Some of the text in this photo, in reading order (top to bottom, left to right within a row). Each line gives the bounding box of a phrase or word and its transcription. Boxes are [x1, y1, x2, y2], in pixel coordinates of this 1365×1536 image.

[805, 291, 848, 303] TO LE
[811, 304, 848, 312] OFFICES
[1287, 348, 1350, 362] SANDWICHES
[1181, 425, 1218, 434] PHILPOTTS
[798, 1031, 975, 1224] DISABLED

##########

— What the exercise asks —
Print the entries once more, identical in every line.

— Task response —
Some of the text in this photo, in reading order (top to bottom, left to right within a row). Each line gives the bounding box of a phrase or word and its transcription. Boxes are [x1, y1, x2, y2], in pixel coordinates of this 1365×1536 image.

[805, 291, 848, 303] TO LE
[811, 304, 848, 312] OFFICES
[1287, 348, 1350, 362] SANDWICHES
[1181, 425, 1218, 434] PHILPOTTS
[798, 1031, 975, 1224] DISABLED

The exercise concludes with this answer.